274. The Surrey Police found during their investigation that 37 per cent of former privates spoke of bullying whereas only 8 per cent of serving privates claimed either to have been the victim or to have witnessed incidents of bullying.[419] This suggests that serving personnel are reluctant to report bullying. General Palmer considered the numbers of incidents to be "relatively small", but he suspected "there is bullying which goes unreported".[420] DOC admitted to us that the figures in their appraisals were likely to be under-reported.[421] Even so the Minister felt able to draw conclusions from the small differences found between the appraisals, and told us there was a downward trend.[422] That conclusion seems to be variance with the figures provided by MoD for complaints at Army initial training establishments quoted earlier. We conclude that bullying exists in the Armed Forces and that it is under-reported. We further conclude that it is not possible to identify trends based on the currently available statistical evidence. We therefore recommend that MoD identify robust methods of capturing data on bullying trends that take account of the extent of under-reporting. Nevertheless, the assertion that the Armed Forces does not tolerate bullying does not sit well with the levels of bullying MoD acknowledge.

RACIAL AND SEXUAL HARASSMENT

275. This Committee's predecessors have considered the issues of racial and sexual harassment in the Armed Forces over several years.[423] As at 1 October 2004, the Armed Forces had 10,360 personnel (officers and other ranks) from ethnic minority backgrounds.[424] DOC (2) noted that equal opportunities legislation had been "sensibly applied", and that these issues had largely been resolved at most establishments. The few incidents that had occurred were described as "cultural misunderstandings and minor tensions" related to the large intake of Foreign and Commonwealth recruits.[425] In the Army, between 1999 and 2003 there were 18 complaints of racial harassment, one of religious harassment, and 10 complaints of racial discrimination. The Continuous Attitude Survey 2003 found that 38 per cent of other ranks believed racial harassment existed in the Army. The Survey found that 2 per cent of the Army, 7.5 per cent of whom are from ethnic minorities, had been subject to harassment on the basis of race, colour or ethnic origin in the previous 12 months. There have been several high profile cases of racial discrimination in the Army going back many years. In a recent case a senior NCO with many years service was found to have suffered racial discrimination and harassment.[426] In the RAF 28 per cent of personnel believed there was racial discrimination in the Service, and 27 per cent believed racial harassment occurred.[427]

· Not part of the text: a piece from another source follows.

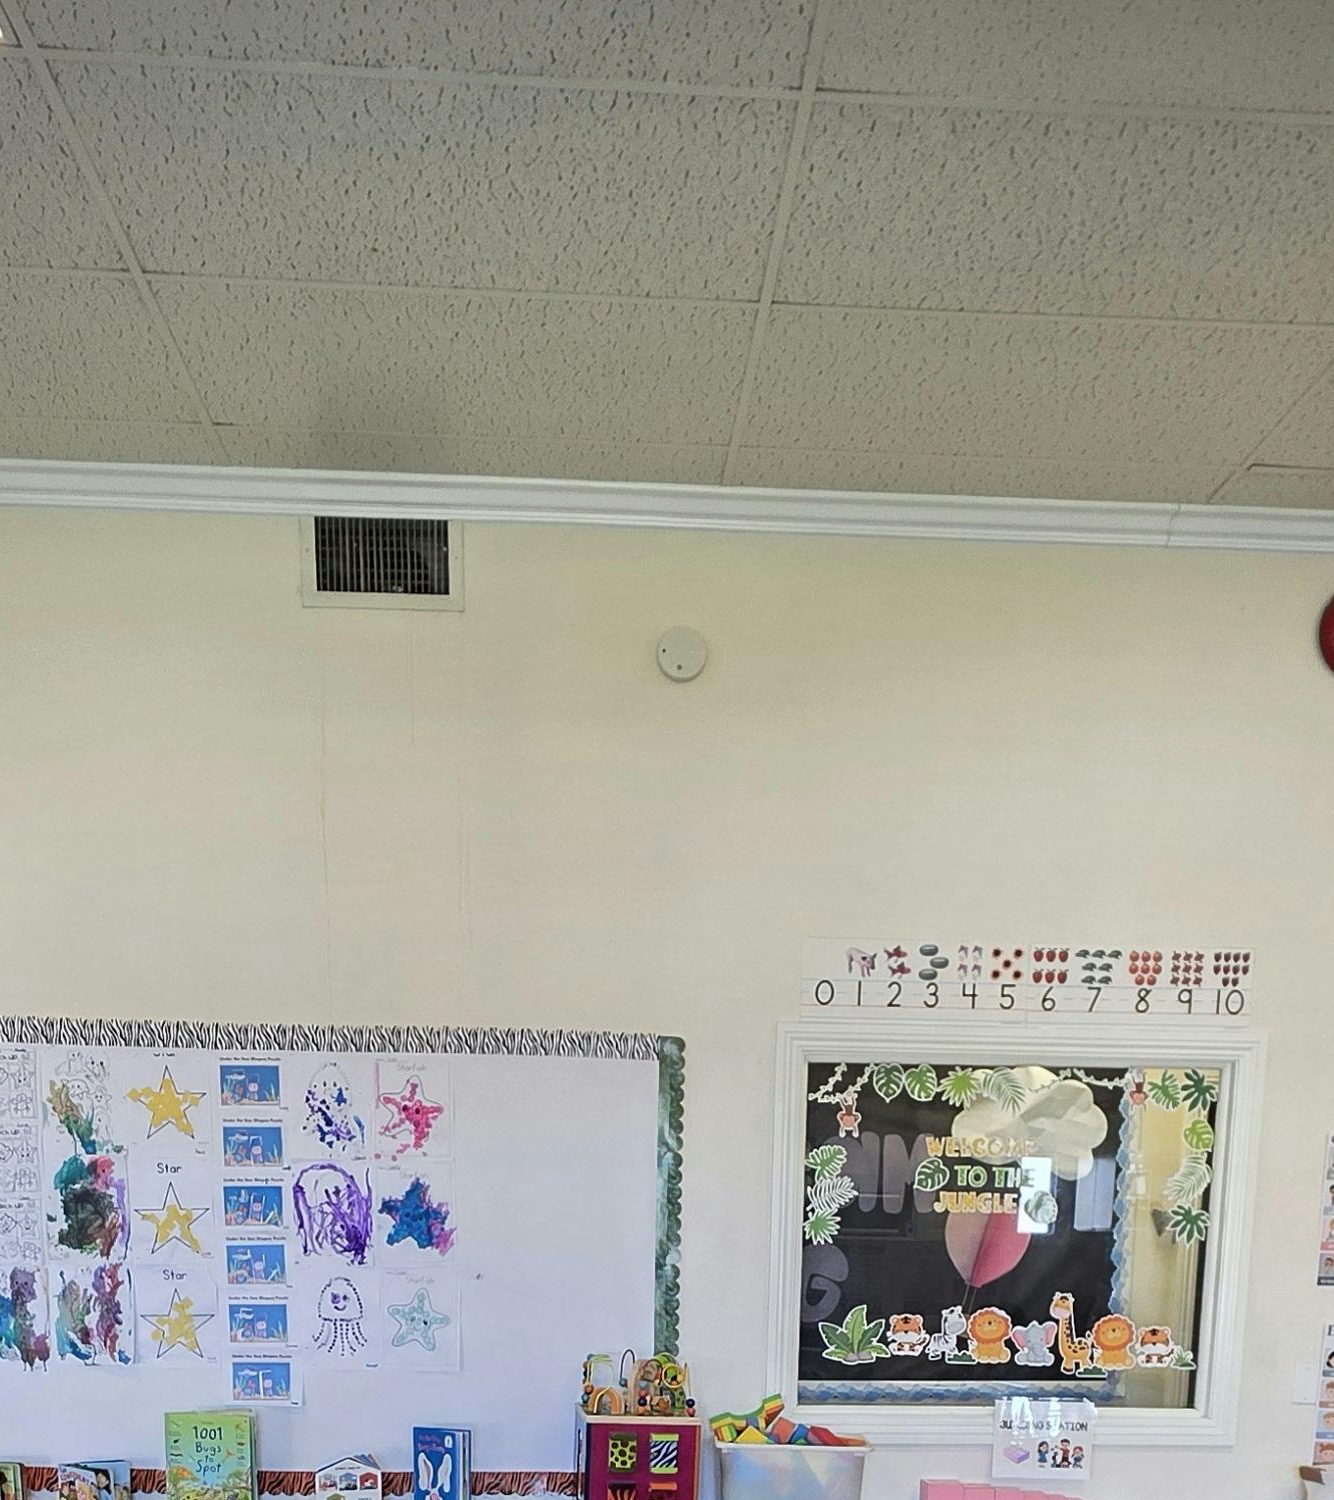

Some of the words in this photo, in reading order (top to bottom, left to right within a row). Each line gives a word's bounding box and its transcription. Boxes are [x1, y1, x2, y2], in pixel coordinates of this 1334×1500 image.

276. At 1 April 2004, the Armed Forces had 18,390 female personnel.[428] In the Army, between 1999 and 2003, the Army recorded 29 complaints alleging sexual harassment. Between 1997 and 2003, the number of complaints for sexual harassment and discrimination was 87. In the RAF, 46.3 per cent believed there was discrimination on the basis of gender, 43 percent believed sexual harassment existed.[429] The Royal Navy do not hold complete records prior to 2001. Between 2001 and 2003, one case involved sexual harassment.[430] In the Royal Navy more than 24 per cent of personnel believe there is harassment on the basis of gender.[431]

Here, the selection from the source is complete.